Data breaches cost organizations $7.2 million on average in 2010, up seven percent from $6.8 million the previous year, according to the latest Cost of Data Breach study, released Tuesday by Symantec and the Ponemon Institute.
The sixth-annual study, which assessed the costs of activities resulting from the actual data breach experiences of 51 U.S.-based organizations, found that the incidents cost companies an average of $214 per compromised record in 2010, up $10 from the previous year. This is the fifth consecutive year that costs have increased.
The most expensive breach analyzed in the study cost $35.3 million, while the lowest was $780,000. The CEO of one company included in the data set was “extremely overwhelmed” by all of the costs associated with his organization's breach, Larry Ponemon, chairman and founder of the Ponemon Institute, told SCMagazineUS.com on Monday.
“It's not uncommon that people will say, 'That's a pretty expensive proposition and we might be underestimating it,'” Ponemon said.
Business-related costs, such as customer loss and decreases in employee productivity, account for the largest proportion of total breach costs, according to the study. Other expense areas result from detection or discovery of the breach, notification and response activities to help victims.
The study also found that moving too quickly through the breach process may cause inefficiencies that ratchet up costs. Forty-three percent of respondents said they notified victims within one month of discovering the breach. These quick responders paid an average of $268 per lost record, compared to $174 paid by organizations that took longer.
“Organizations that are fast are also less precise when identifying who is at risk,” Ponemon said. “So, there's this over-reporting phenomenon, which can lead to the loss of customers.”
Companies, however, may feel pressure to report the breach and notify victims as quickly as possible due to regulations and laws, according to the study.
Meanwhile, malicious or criminal attacks are increasingly the root cause of breaches, according to the study. In 2010, 31 percent of cases involved criminal attacks, up seven percent from 2009.
Negligence, however, is the most prevalent cause of breaches, accounting for 41 percent of incidents in 2010.
On a positive note, organizations are becoming more vigilant to prevent breaches, the study found. The prevalence of breaches due to system failures, lost or stolen devices, and third-party mistakes all decreased in 2010 compared to the previous year. In addition, more companies placed a CISO in charge of breach response.
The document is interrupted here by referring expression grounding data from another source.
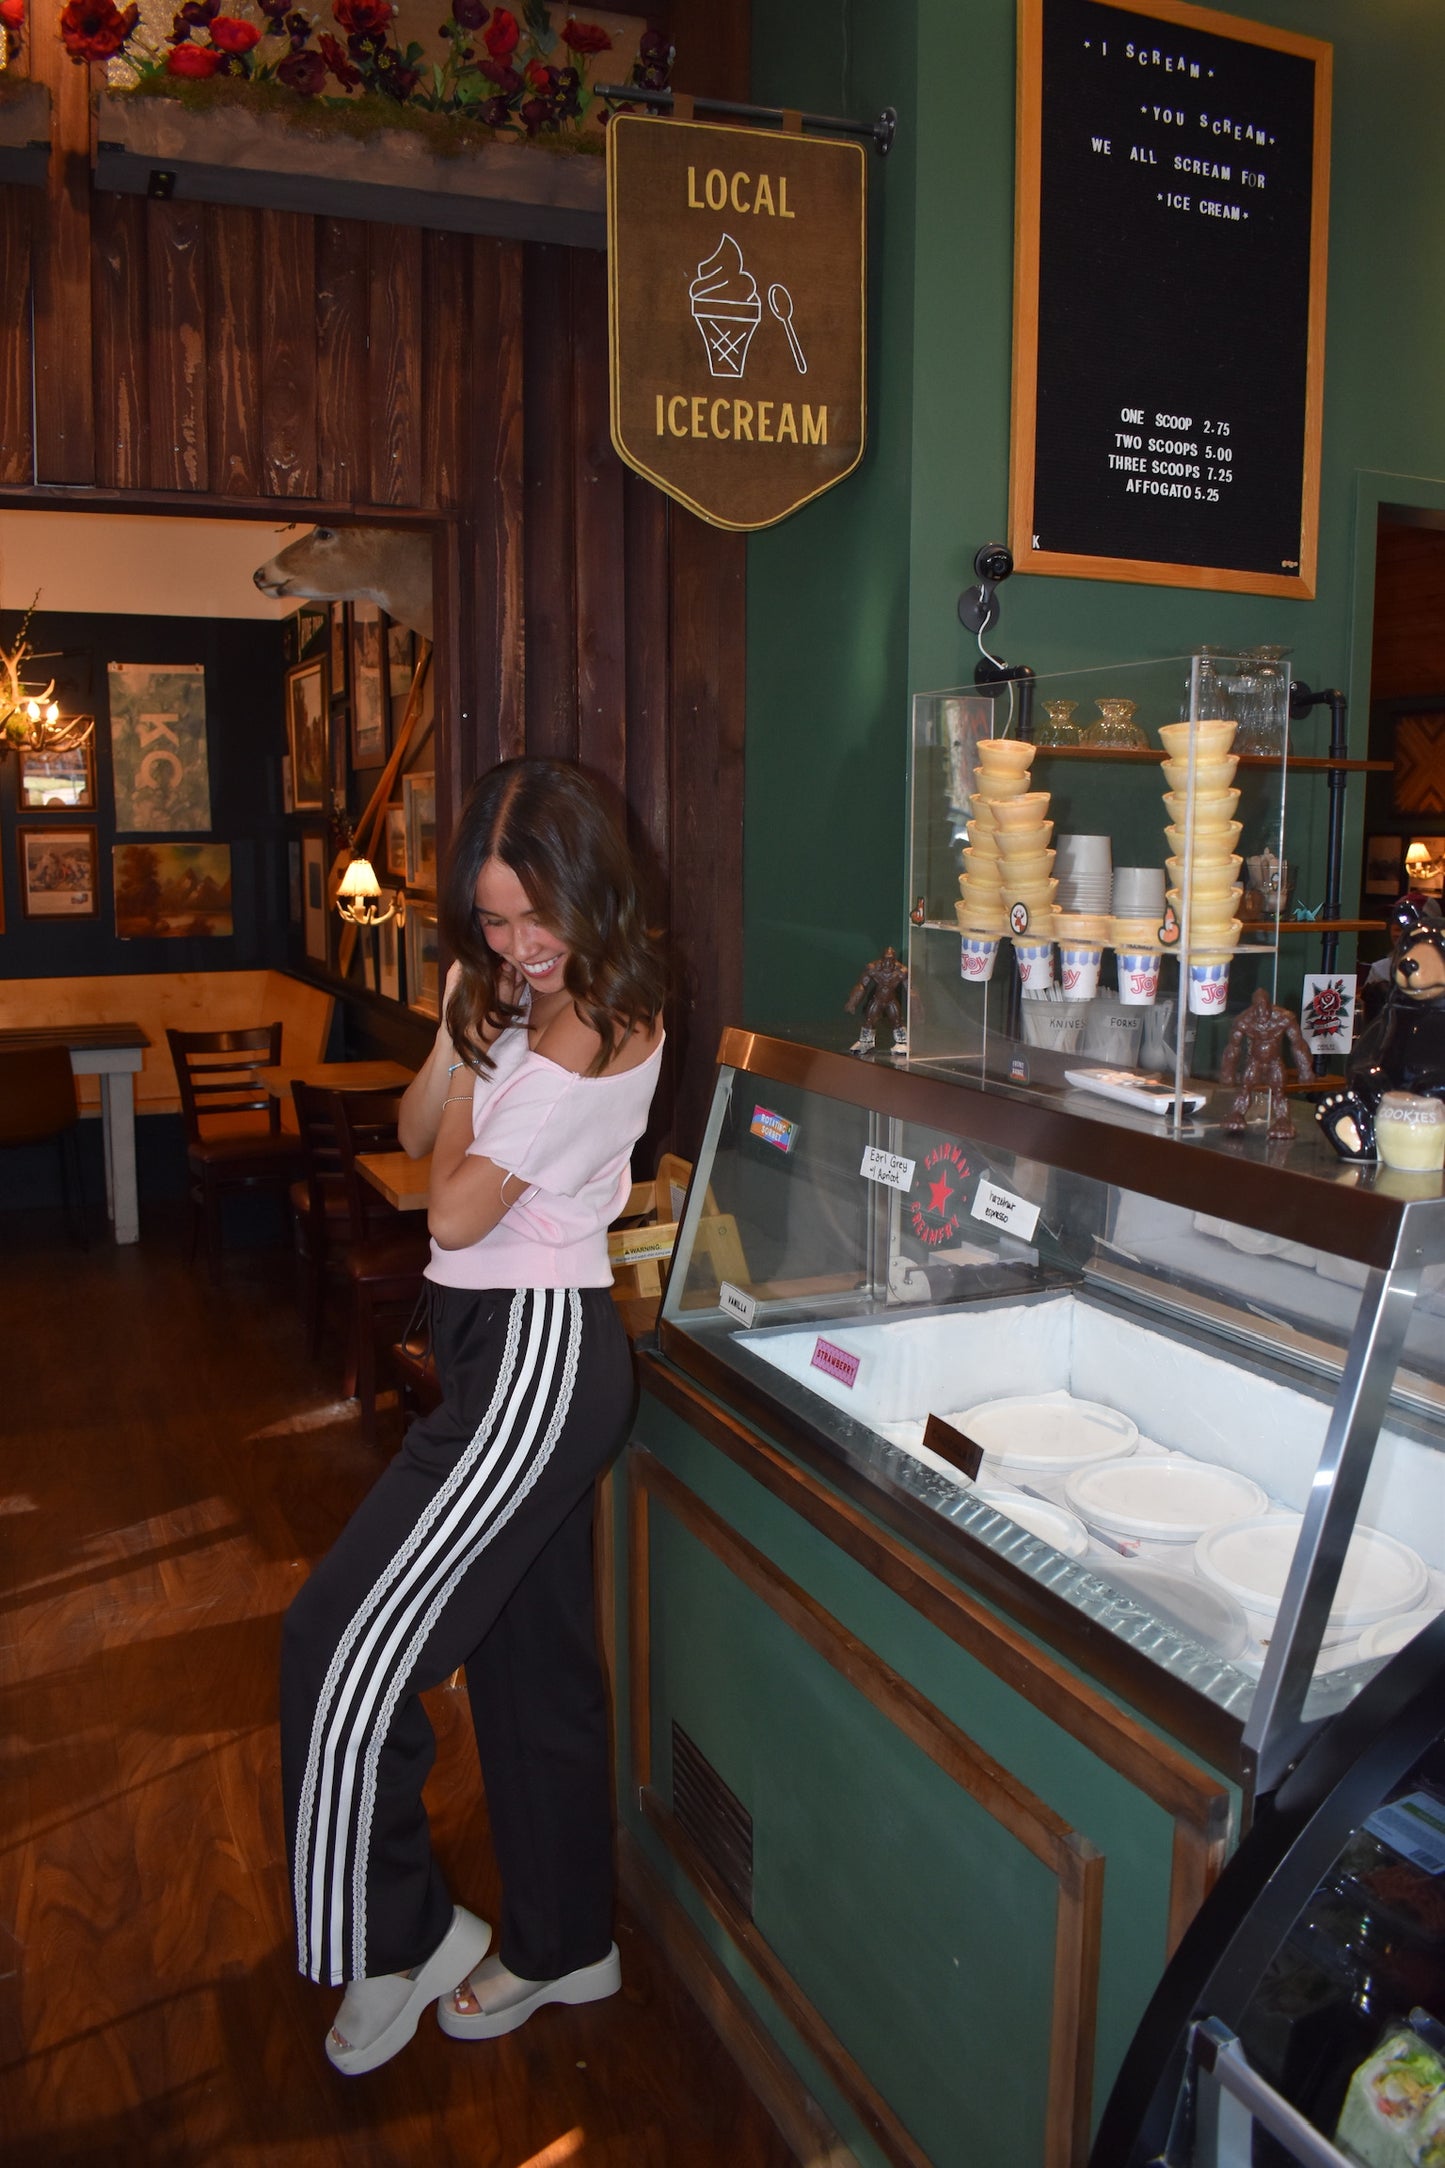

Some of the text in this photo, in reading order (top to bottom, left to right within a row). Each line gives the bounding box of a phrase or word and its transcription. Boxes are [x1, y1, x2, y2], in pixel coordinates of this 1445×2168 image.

[1126, 44, 1199, 78] SCREAM
[1154, 107, 1265, 145] YOU SCREAM
[1092, 138, 1265, 188] WE ALL SCREAM FOR
[688, 167, 795, 218] LOCAL
[1168, 193, 1240, 220] ICE CREAM
[656, 395, 827, 445] ICECREAM
[1121, 408, 1229, 436] ONE SCOOP 2.75
[1115, 434, 1232, 461] TWO SCOOPS 5.00
[1108, 454, 1232, 482] THREE SCOOPS 7.25
[1126, 479, 1219, 501] AFFOGATO 5.25
[1033, 535, 1039, 548] K
[961, 953, 989, 975] Joy
[1050, 1019, 1086, 1030] KNIVES
[1110, 1017, 1138, 1028] FORKS
[1380, 1108, 1437, 1123] COOKIES
[870, 1149, 908, 1173] Earl Grey
[924, 1142, 970, 1179] FAIRWAY
[911, 1201, 960, 1246] CREAMERY
[816, 1349, 855, 1376] STRAWBERRY
To help prevent future data-leakage incidents, nearly two-thirds of respondents said they implemented training and awareness programs. Also, 61 percent of respondents said they expanded their use of encryption after a breach in 2010, up three percent from the previous year. Other popular preventative measures included adding more manual procedures and controls and deploying identity and access management or data leakage prevention solutions.
Brian Tokuyoshi, senior product marketing manager for Symantec, told SCMagazineUS.com on Friday that deploying encryption before a breach could ultimately lead to cost savings. Data breach regulations vary by state, but organizations typically are not required to notify individuals when missing data is encrypted.
“We've seen a lot of encryption projects get taken up after a breach,” he said. “That is usually too late. It's not going to do anything to help data that's already been lost.”
Other best practices for avoiding data breaches include educating employees on information protection policies and procedures and assessing risks by identifying and classifying confidential information, according to the study.